This one is the game changer. Think of AI like the changes we saw in personal computers, cell phones, and the internet, all wrapped up in a huge package, and made to work seamlessly. But not over three decades, but in three or four years. That's what's a stake here. Everything, every industry, unless you are a Amish farmer or someone living in a cabin deep in the woods, AI is going to change the way the world around you works.

Whatever nation, or group of nations, figures out how to integrate AI the quickest, and with the most seamless integration into all their systems, from defense, to manufacturing, to engineering, to medicine, to figuring out the next iteration of AI, will win this next century. 

We need a new Moon-Shot type endeavor from the private sector towards AI. This will be a huge undertaking. The government needs to watch over this, but stay out of the way. We don't need 18 month delays in permits and regulations building new data centers.

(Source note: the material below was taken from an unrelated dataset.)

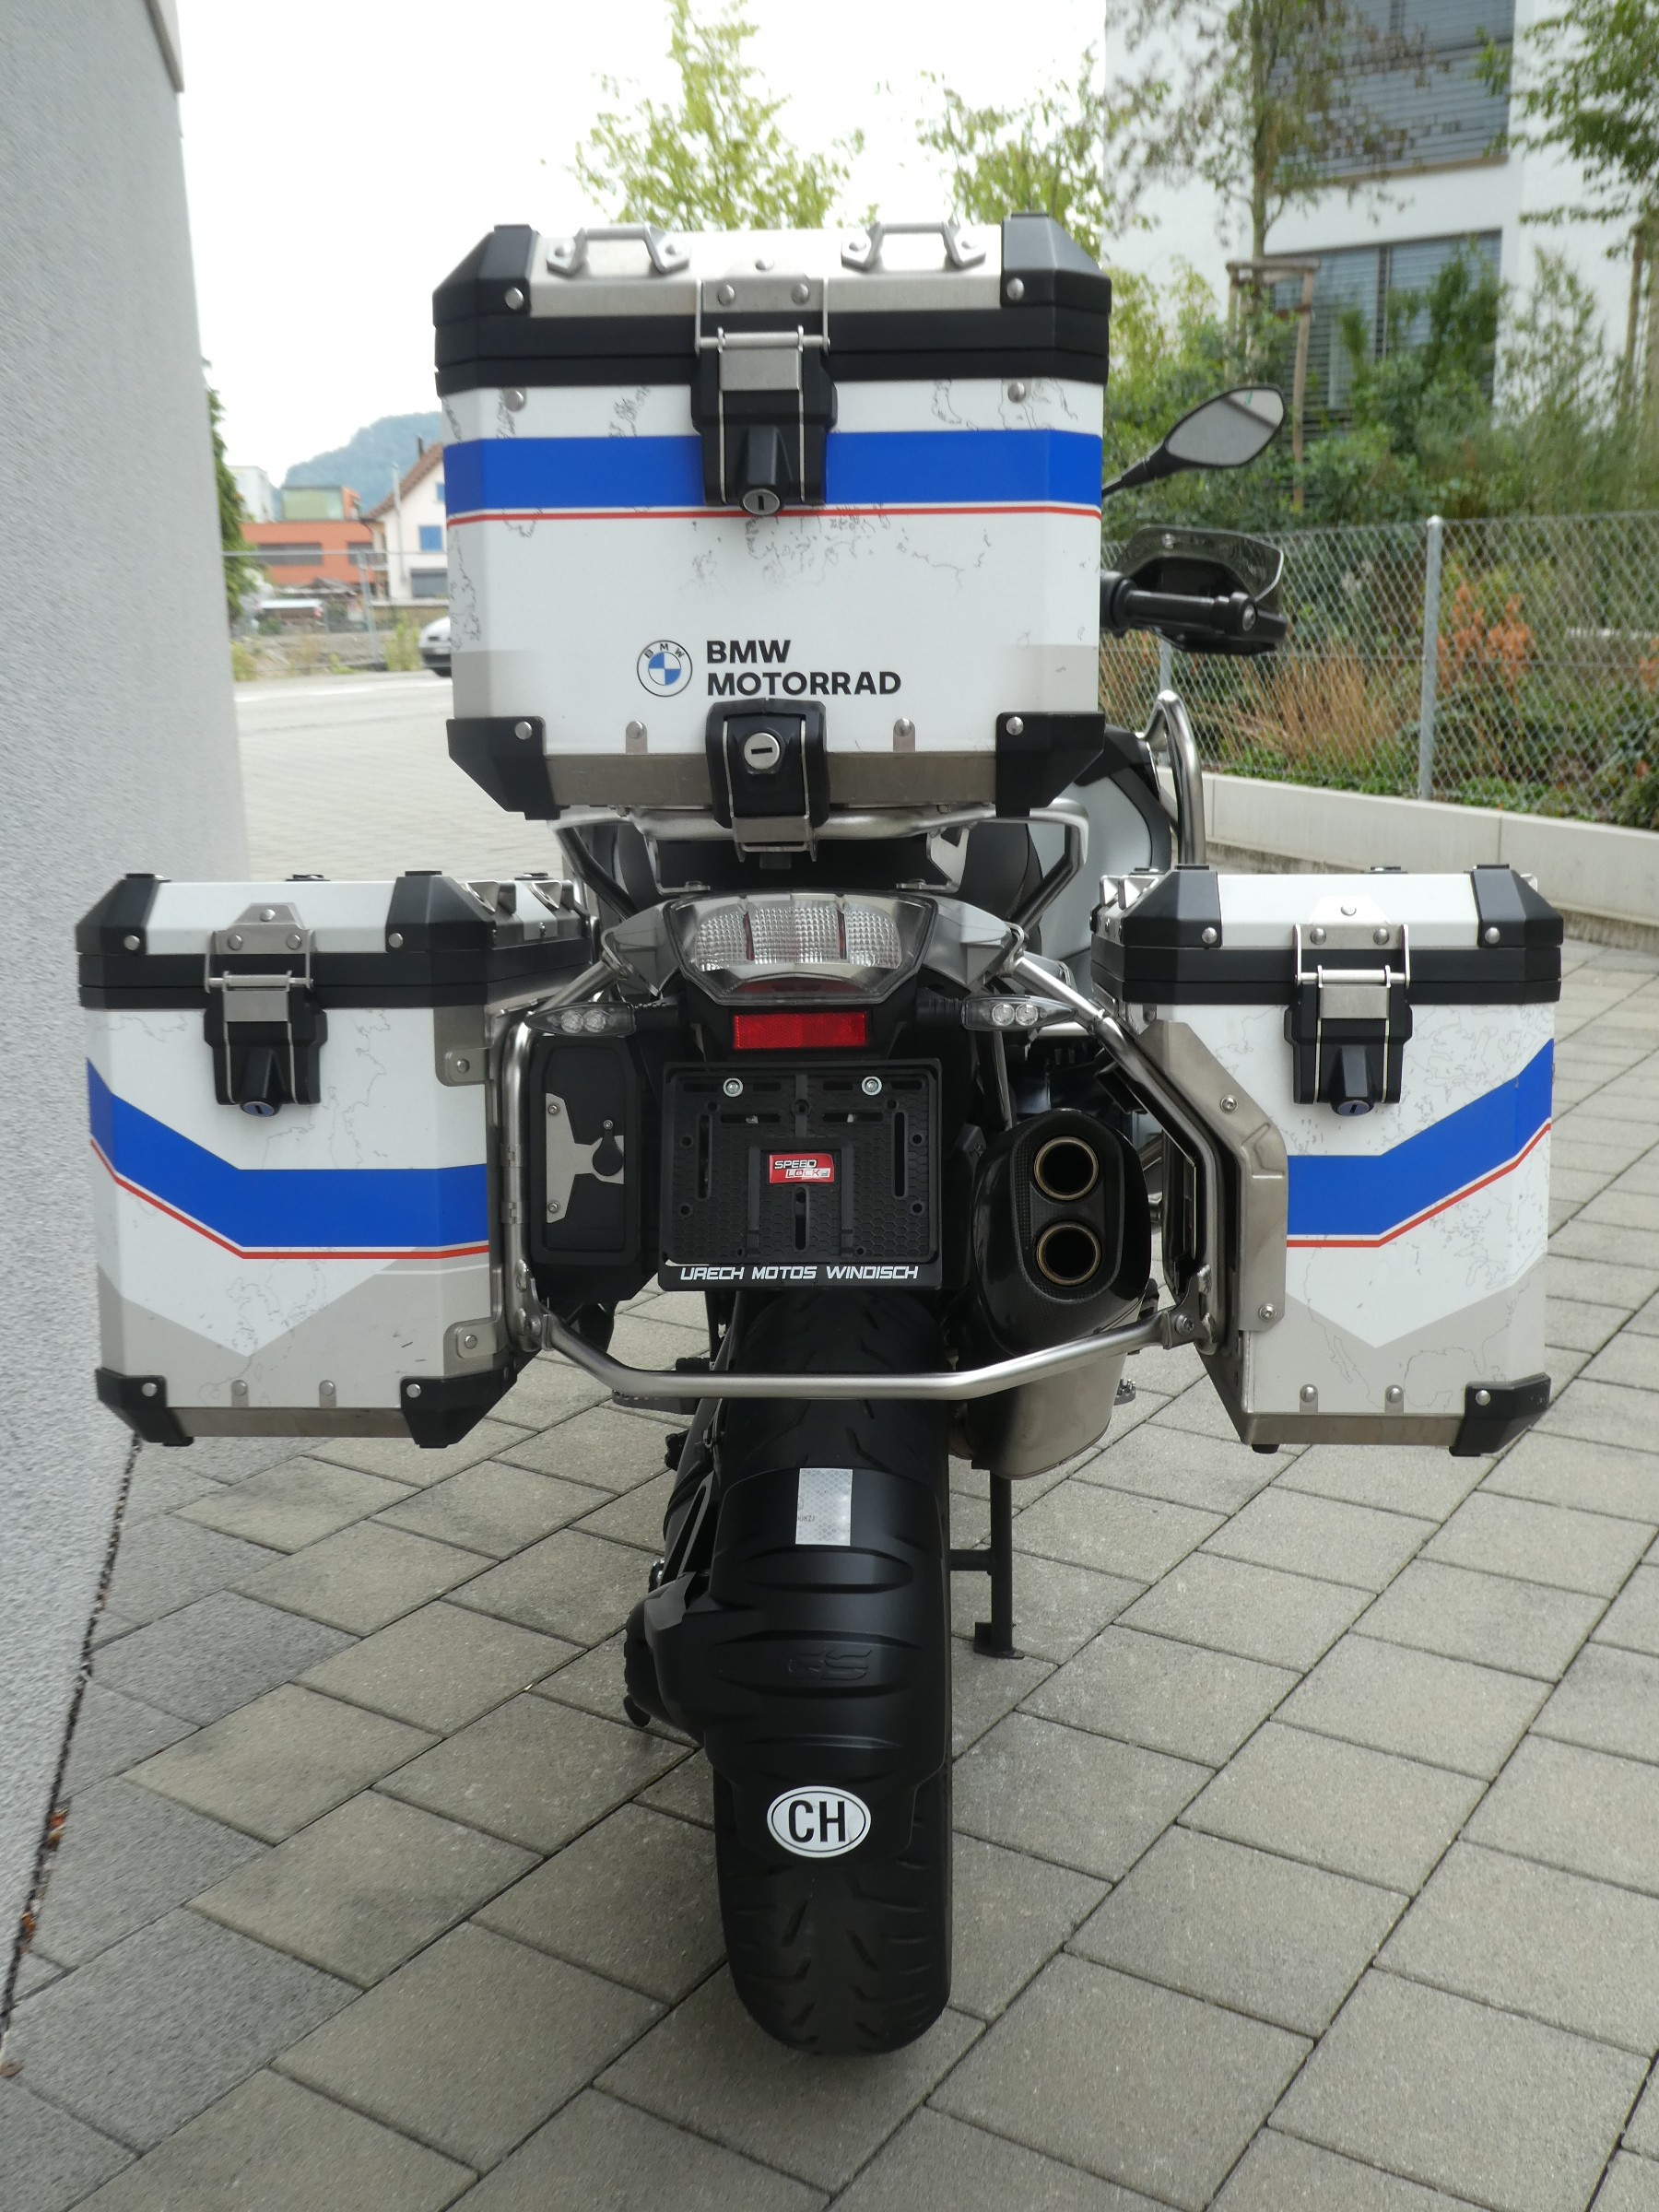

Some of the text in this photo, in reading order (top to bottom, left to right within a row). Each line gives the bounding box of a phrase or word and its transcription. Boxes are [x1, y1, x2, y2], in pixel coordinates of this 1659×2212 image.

We also need to fund real research in this and train the next generation of AI engineers. But we need to get our house in order first, or the Chinese will brute-force and steal their way into the lead.

To win this AI race, we need to clean house at the federal government. 

We need to stop spending money of dumb sh!t.

We need to be able to fire non-performing employees.

Stop the DEI nonsense and hire based on skills and merit.

Start consolidation agencies and departments. 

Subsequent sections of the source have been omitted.